» **WHAT YOU ARE ASKED TO DO**
Omitting all pictures, retype the entries below exactly as given.

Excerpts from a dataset
*** Begin section ***

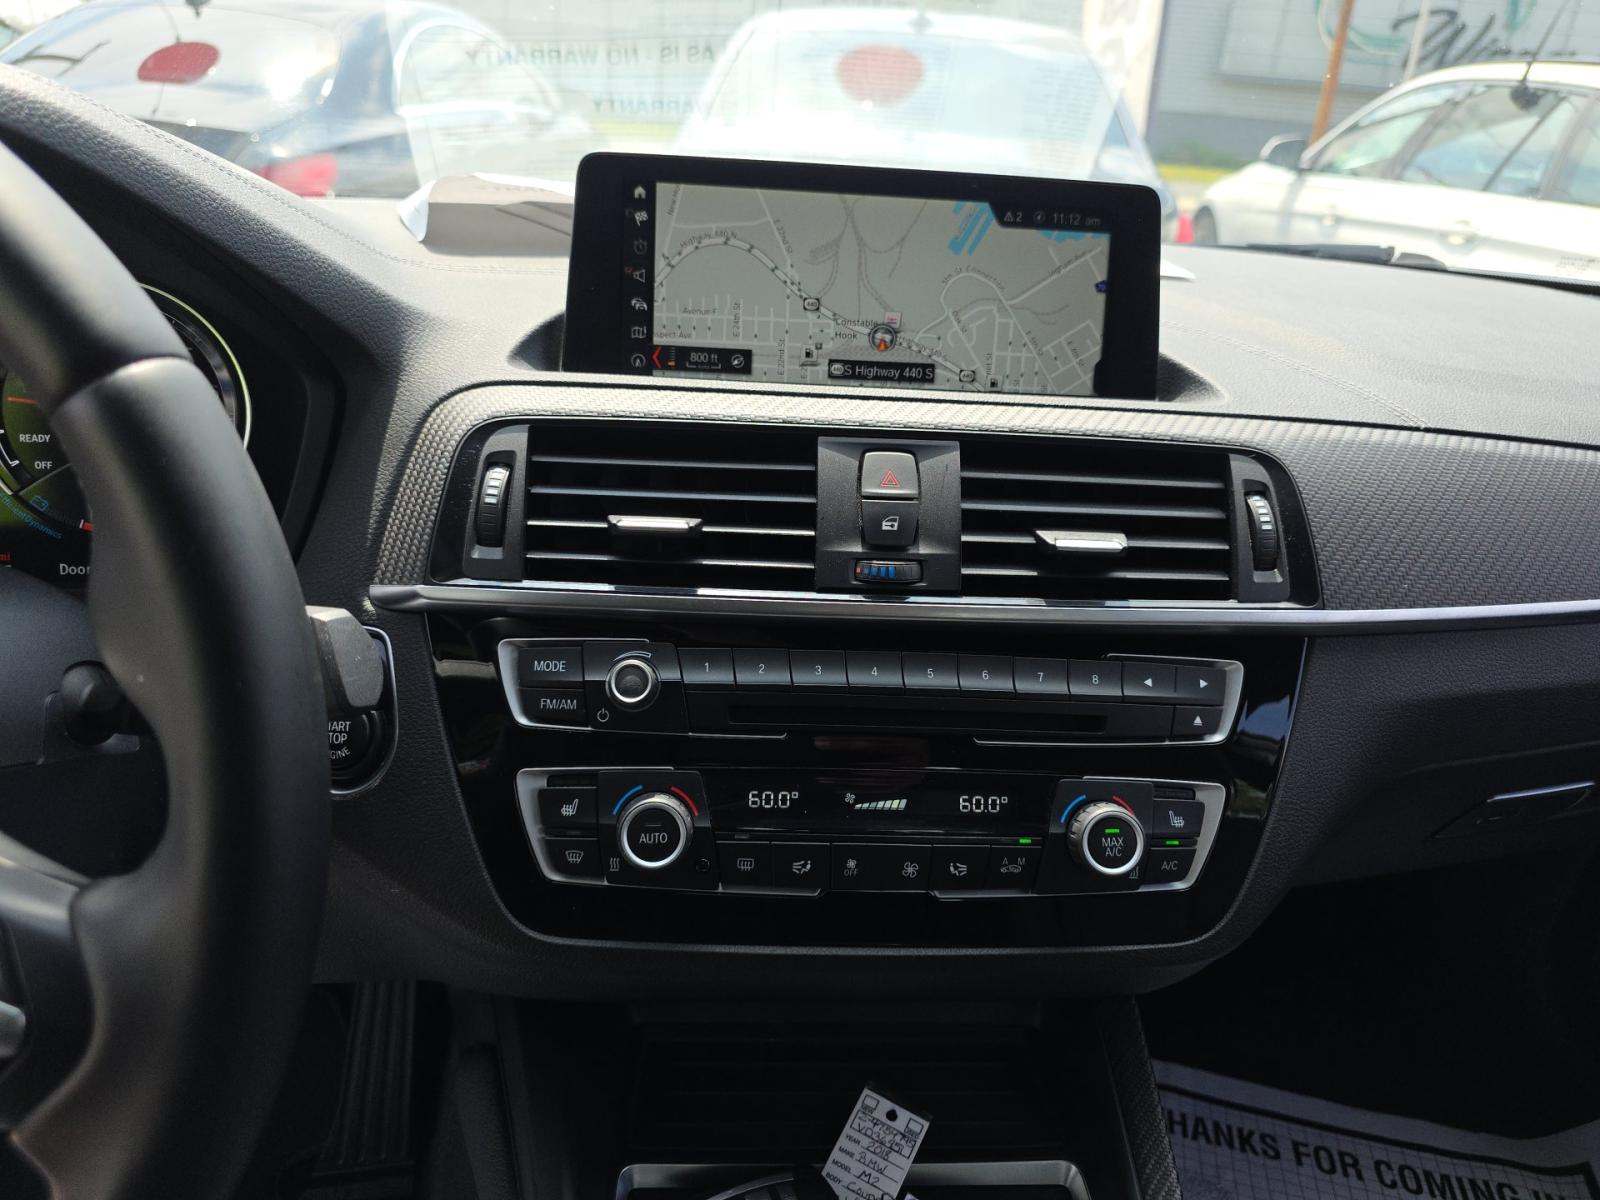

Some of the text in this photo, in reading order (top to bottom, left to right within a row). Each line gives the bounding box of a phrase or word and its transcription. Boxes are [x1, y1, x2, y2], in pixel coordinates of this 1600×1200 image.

[835, 318, 878, 329] Constable
[834, 330, 858, 341] Hook
[690, 352, 719, 363] 800 ft
[855, 365, 901, 380] Highway
[903, 367, 923, 379] 440
[925, 369, 934, 380] S
[19, 433, 51, 443] READY
[34, 461, 53, 470] OFF
[533, 660, 567, 673] MODE
[704, 662, 1099, 685] 1 2 3 4 5 6 7 8
[540, 698, 577, 711] FM/AM
[328, 732, 348, 744] TOP
[330, 747, 351, 760] GINE
[639, 832, 668, 844] AUTO
[1101, 837, 1124, 847] MAX
[1105, 847, 1123, 858] A/C
[1002, 857, 1026, 866] A M
[1161, 860, 1178, 872] A/C
[866, 1142, 893, 1161] 2018
[1166, 1109, 1282, 1161] HANKS
[1291, 1140, 1365, 1182] FOR
[859, 1151, 889, 1173] BMW
[859, 1170, 881, 1186] M2
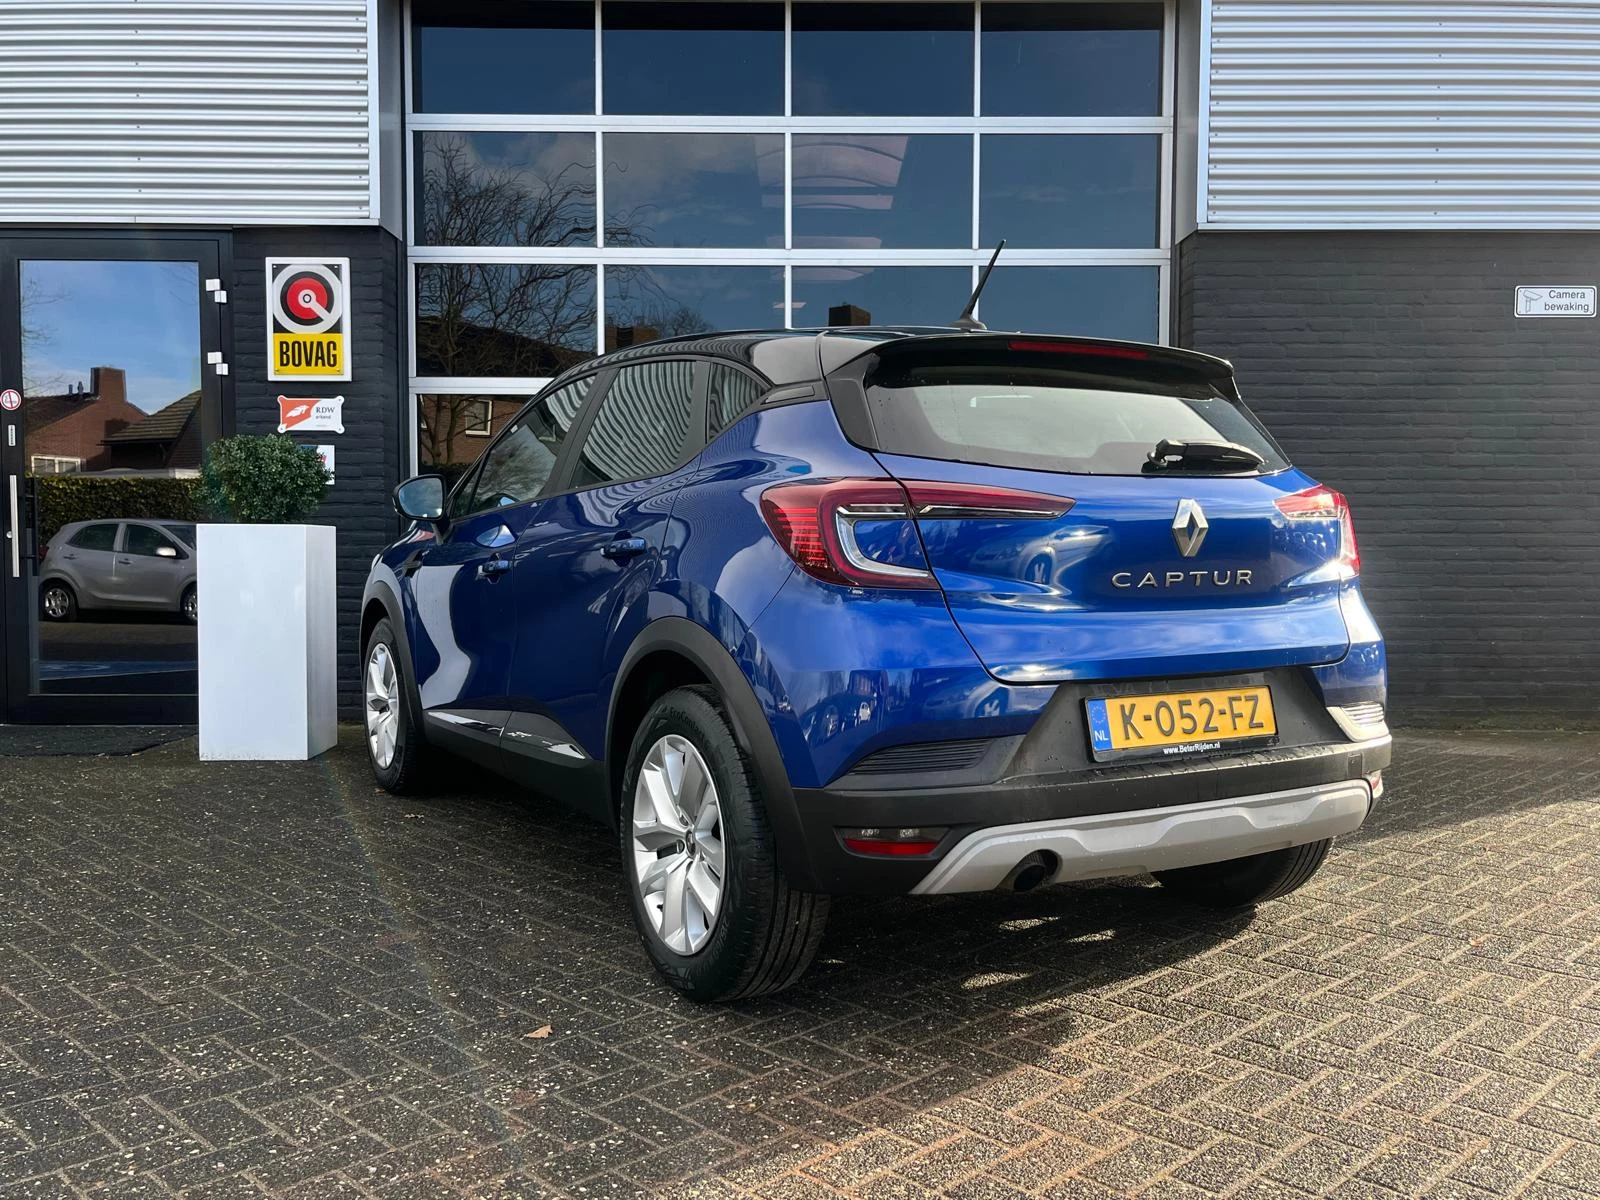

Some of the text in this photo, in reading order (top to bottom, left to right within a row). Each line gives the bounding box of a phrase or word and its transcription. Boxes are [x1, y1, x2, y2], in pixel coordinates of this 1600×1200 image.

*** End section ***

» **WRITTEN SOLUTION**
Some of the text in this photo, in reading order (top to bottom, left to right within a row). Each line gives the bounding box of a phrase or word and its transcription. Boxes are [x1, y1, x2, y2], in pixel coordinates of this 1600×1200 image.

[835, 318, 878, 329] Constable
[834, 330, 858, 341] Hook
[690, 352, 719, 363] 800 ft
[855, 365, 901, 380] Highway
[903, 367, 923, 379] 440
[925, 369, 934, 380] S
[19, 433, 51, 443] READY
[34, 461, 53, 470] OFF
[533, 660, 567, 673] MODE
[704, 662, 1099, 685] 1 2 3 4 5 6 7 8
[540, 698, 577, 711] FM/AM
[328, 732, 348, 744] TOP
[330, 747, 351, 760] GINE
[639, 832, 668, 844] AUTO
[1101, 837, 1124, 847] MAX
[1105, 847, 1123, 858] A/C
[1002, 857, 1026, 866] A M
[1161, 860, 1178, 872] A/C
[866, 1142, 893, 1161] 2018
[1166, 1109, 1282, 1161] HANKS
[1291, 1140, 1365, 1182] FOR
[859, 1151, 889, 1173] BMW
[859, 1170, 881, 1186] M2

Some of the text in this photo, in reading order (top to bottom, left to right within a row). Each line gives the bounding box of a phrase or word and its transcription. Boxes are [x1, y1, x2, y2], in pixel coordinates of this 1600×1200 image.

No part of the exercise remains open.